In movies and television, the football stars and popular girls with tons of friends talk about how amazing high school is and how life will never be this great after graduation often enough that the general public has absorbed this sentiment. Graduation card companies use the phrase “high school is the best years of your life” to sell more products and wistful adults use it to reminisce about the good old days.

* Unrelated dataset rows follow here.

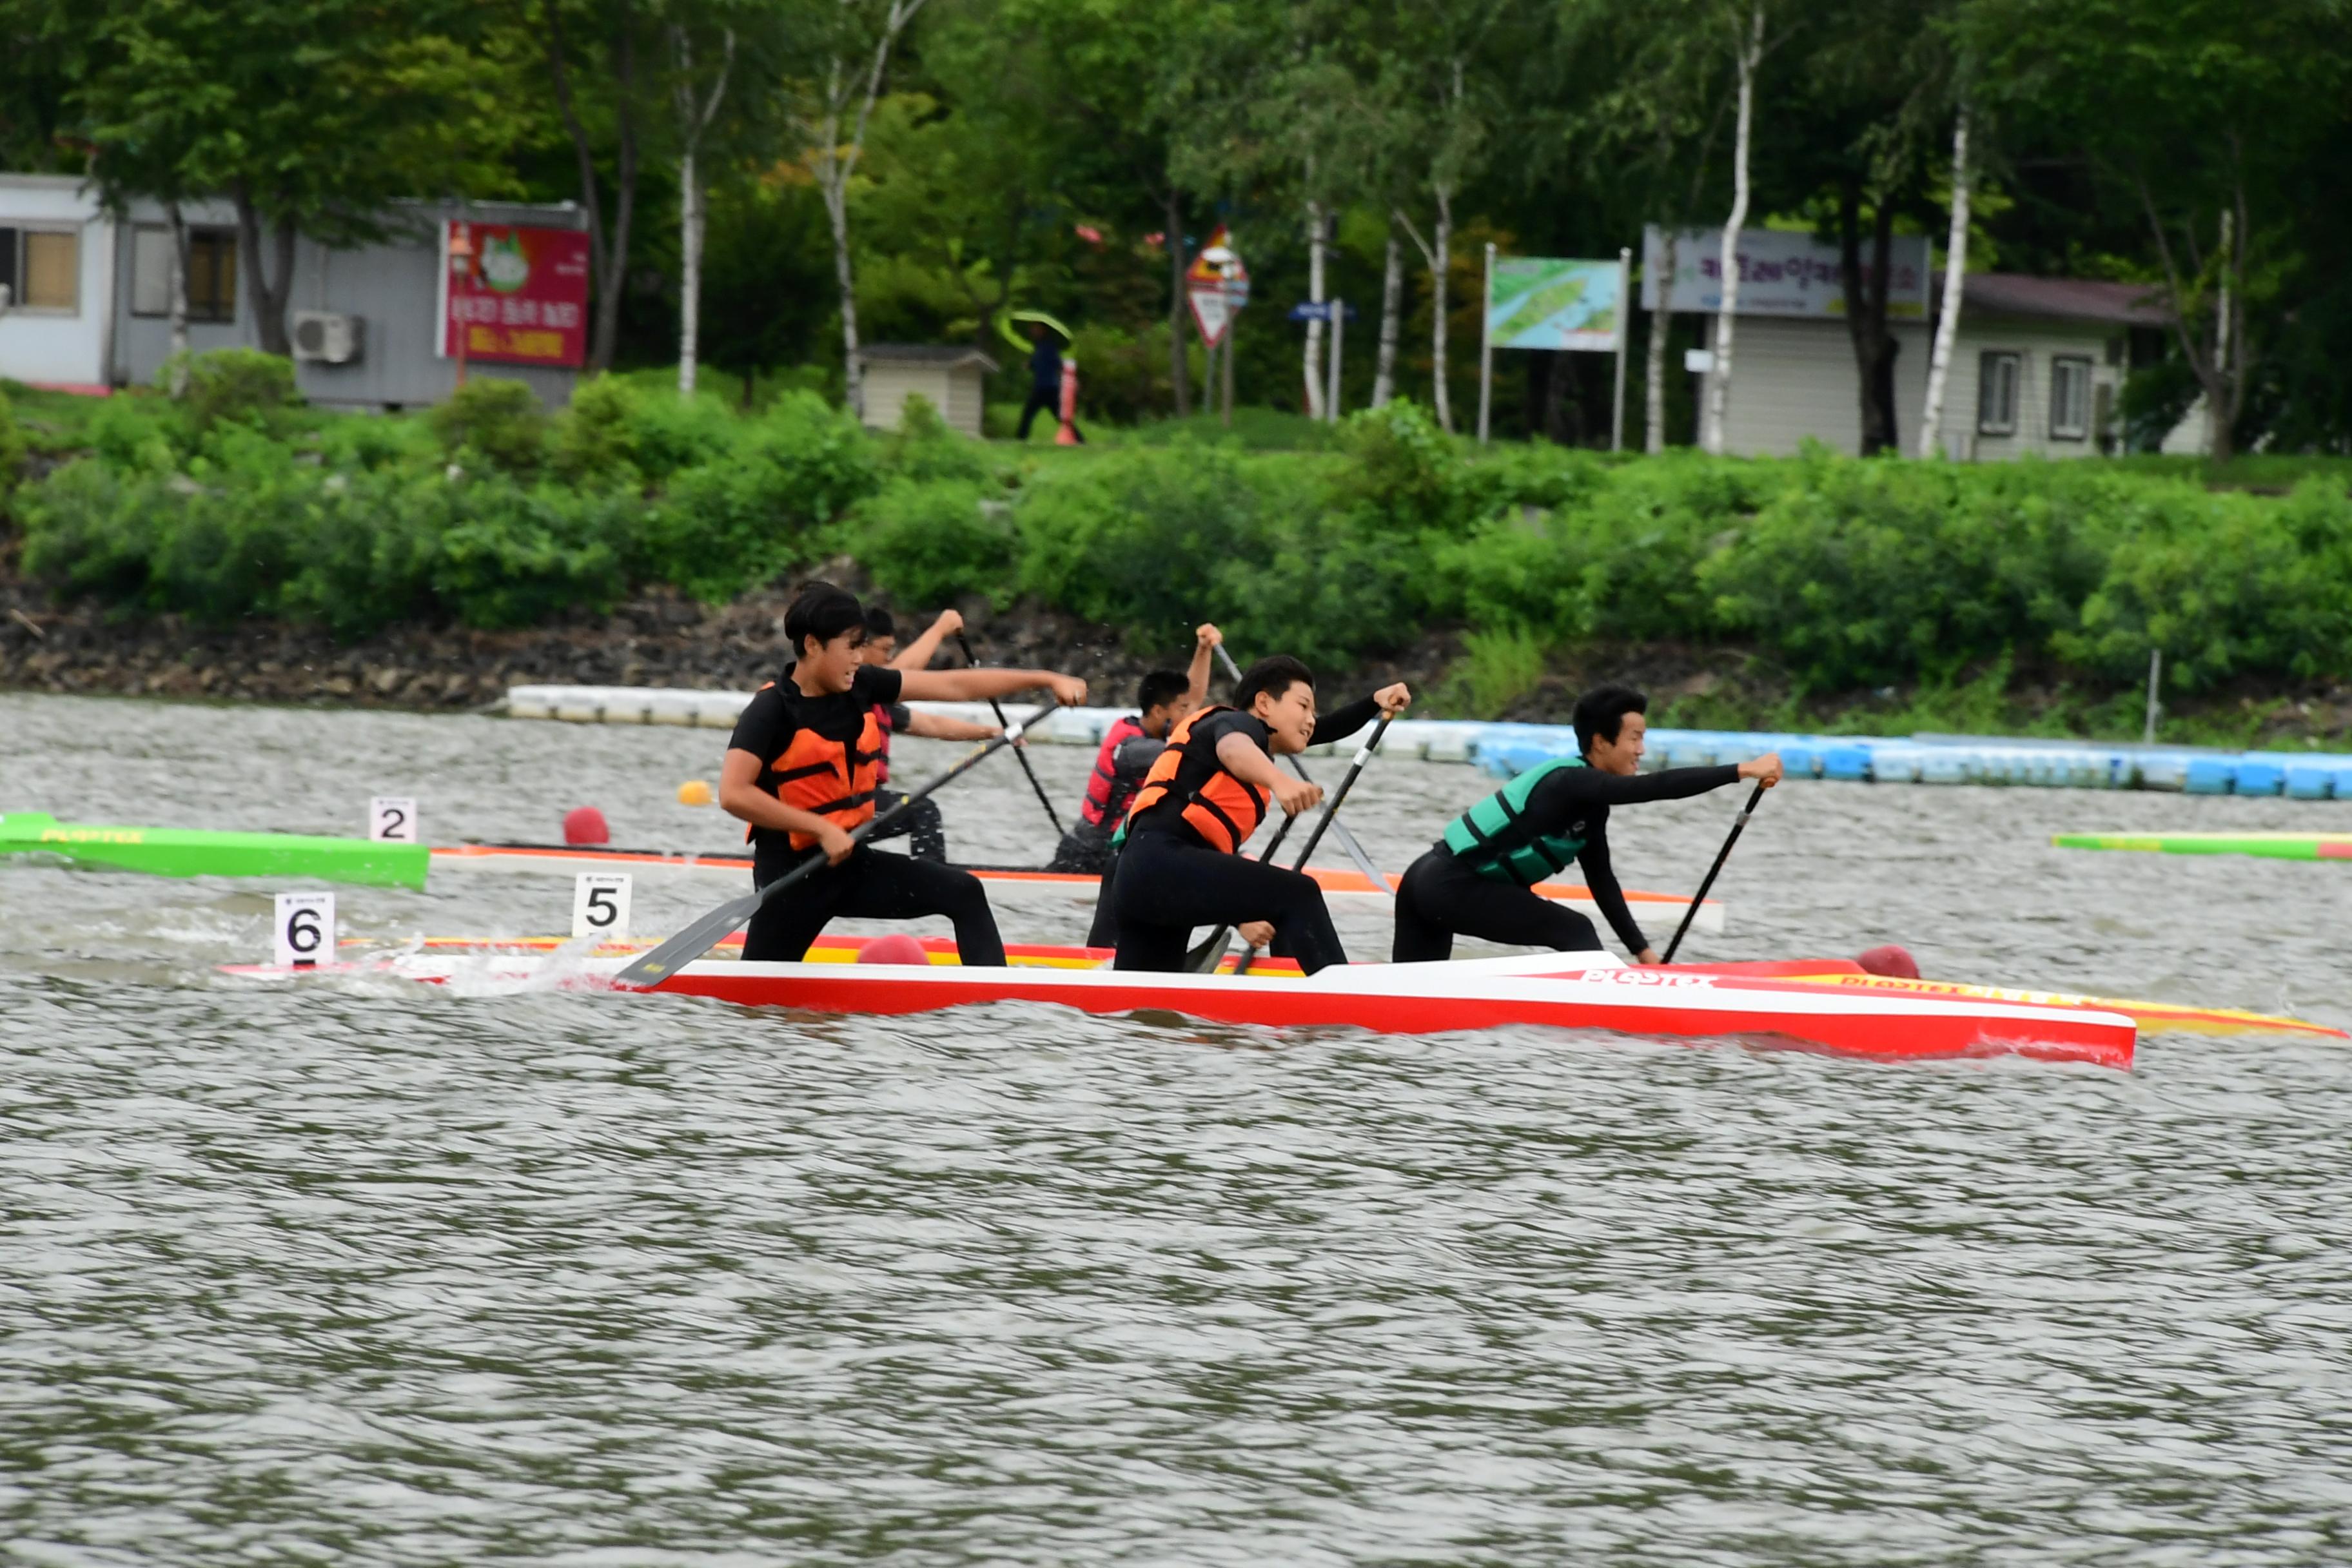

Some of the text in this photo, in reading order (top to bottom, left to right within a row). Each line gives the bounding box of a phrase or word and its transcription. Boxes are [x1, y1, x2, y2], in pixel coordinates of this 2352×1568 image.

[382, 808, 405, 838] 2
[585, 887, 618, 927] 5
[288, 908, 321, 952] 6
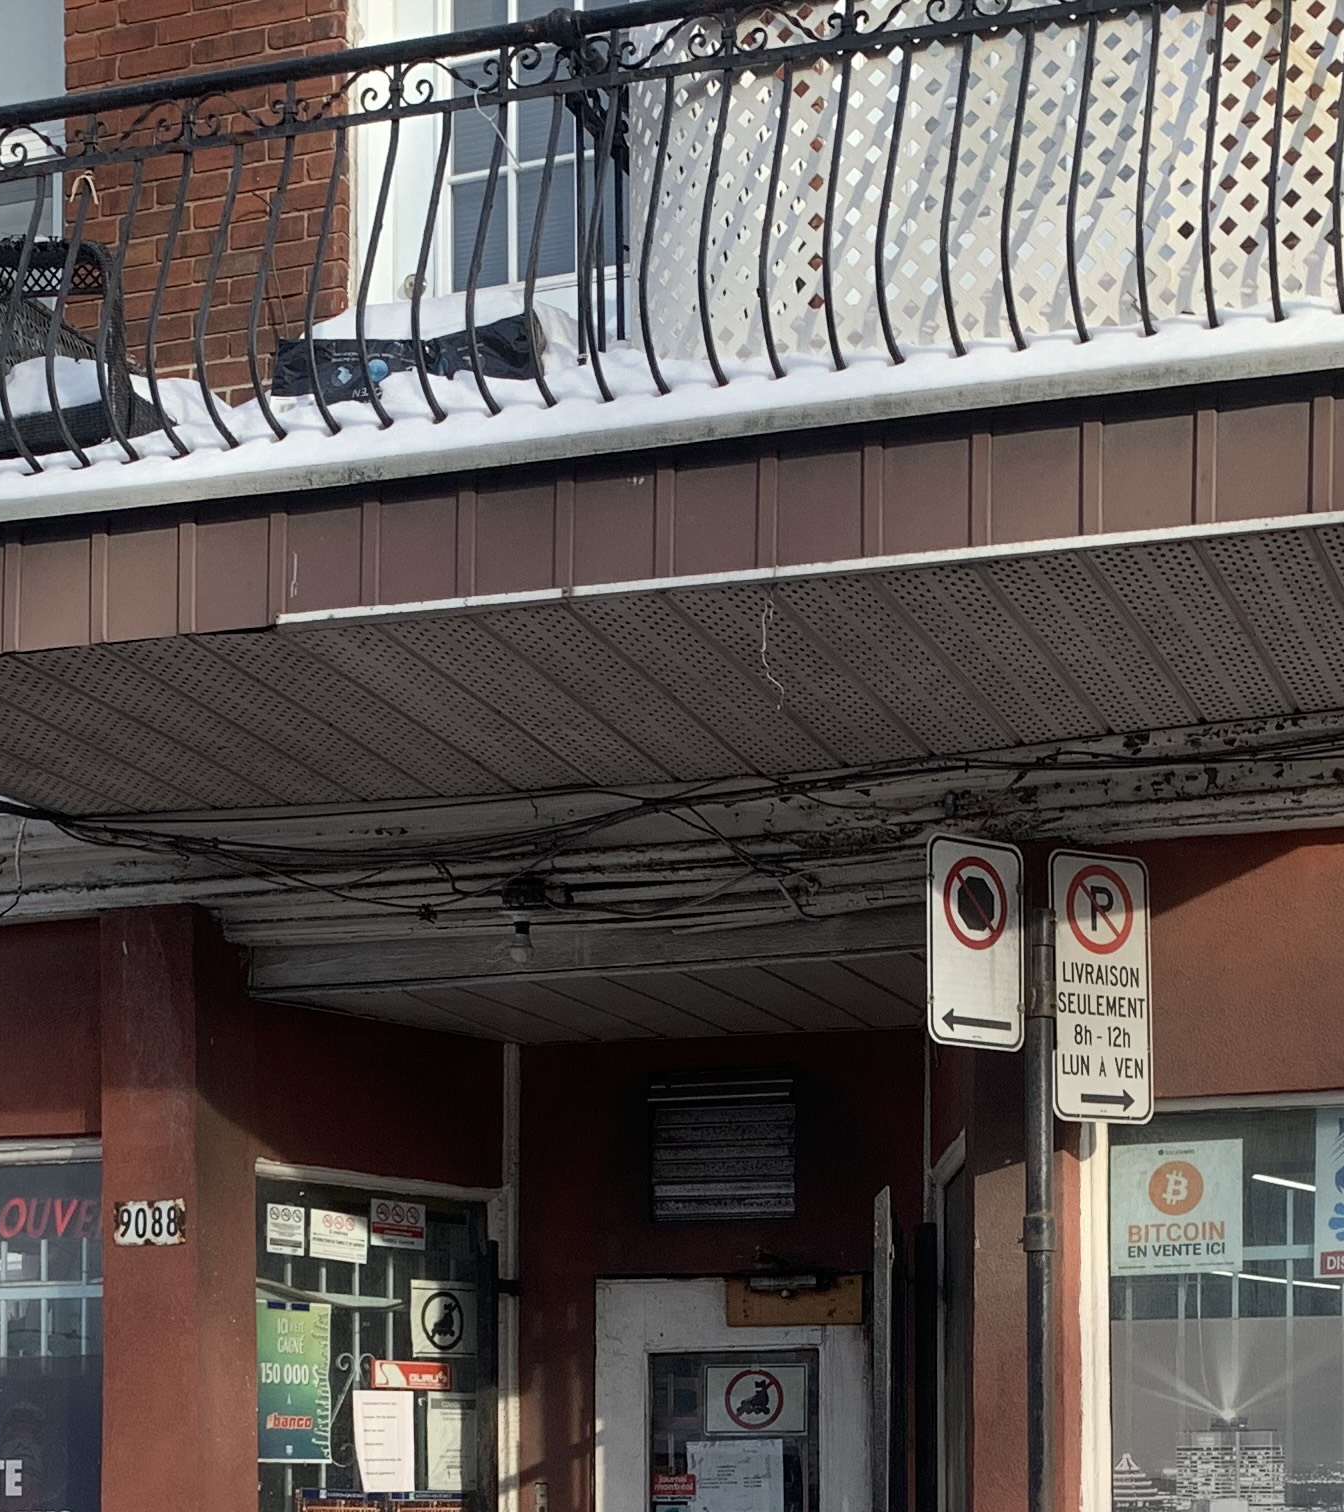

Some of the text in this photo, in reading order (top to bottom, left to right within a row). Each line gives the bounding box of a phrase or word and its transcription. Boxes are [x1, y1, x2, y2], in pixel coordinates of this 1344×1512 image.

[1062, 961, 1140, 988] LIVRAISON
[1058, 992, 1145, 1019] SEULEMENT
[1074, 1023, 1092, 1046] 8h
[1108, 1026, 1131, 1048] 12h
[1062, 1054, 1144, 1079] LUN À VEN
[119, 1206, 179, 1239] 9088
[1127, 1220, 1226, 1244] BITCOIN
[1127, 1241, 1226, 1259] EN VENTE ICI
[260, 1362, 281, 1384] 150
[283, 1363, 309, 1385] 000
[273, 1413, 312, 1428] banco

A lot of this feeling is based on nostalgia. While nostalgia is a positive feeling, it is not known for being factual. According to Psychology Today, “the “purpose” of nostalgia is pleasure rather than accuracy.” Our brains are notoriously bad at remembering events in our life and will reconstruct them each time we retrieve them. So, when people consider high school the best years of their life, they are only remembering the parts they want. While dances, sports games, and extracurriculars get the spotlight in their memory, the late nights studying, exams, and subpar lunch food conveniently disappear. There is nothing wrong with this, but just because we don’t remember the boring or mundane parts of high school, that doesn’t mean they didn’t happen. If we base our best years on our experiences, then high school is lacking. While high school has activities like prom and football games, after graduation, you can still go dancing or watch football, but you can also travel the world, live where you want, and really explore the hobbies you couldn’t in high school. You have more freedom and resources to do what you want. High school can be fun, but there are just as many, if not more, opportunities to experience life when you’re older. People go to college, join the peace corps or the army, and start their careers after high school, and these this things are what give you life experience.

It’s after high school that you really get to figure out who you are as a person. High school is very structured and you get used to the routine and people reminding you to stick to it. People get comfortable with the safety net high school provides since you can make mistakes without heavy consequences. However, being comfortable can make people stagnant and we stop trying to change and be better. According to an article in NPR, our brains are not fully developed until we’re twenty-five. Until then, we tend to make risky or irrational choices based on our emotions. We still have a ways to go until we fully mature, and even past twenty-five, we will still make mistakes. Growing up is about becoming better than when we were younger, and leaving high school helps us see what’s really important and what was just high school drama.

“High school is the best years of your life” is a cliche, peppy phrase but the underlying meaning is that if high school is the best years of your life, then your life after will never compare. When the life expectancy in the U.S. is 78 years old, it’s not logical to think you peaked the first eighteen years of your life. With so much left to see and do, make sure high school is not the best years of your life.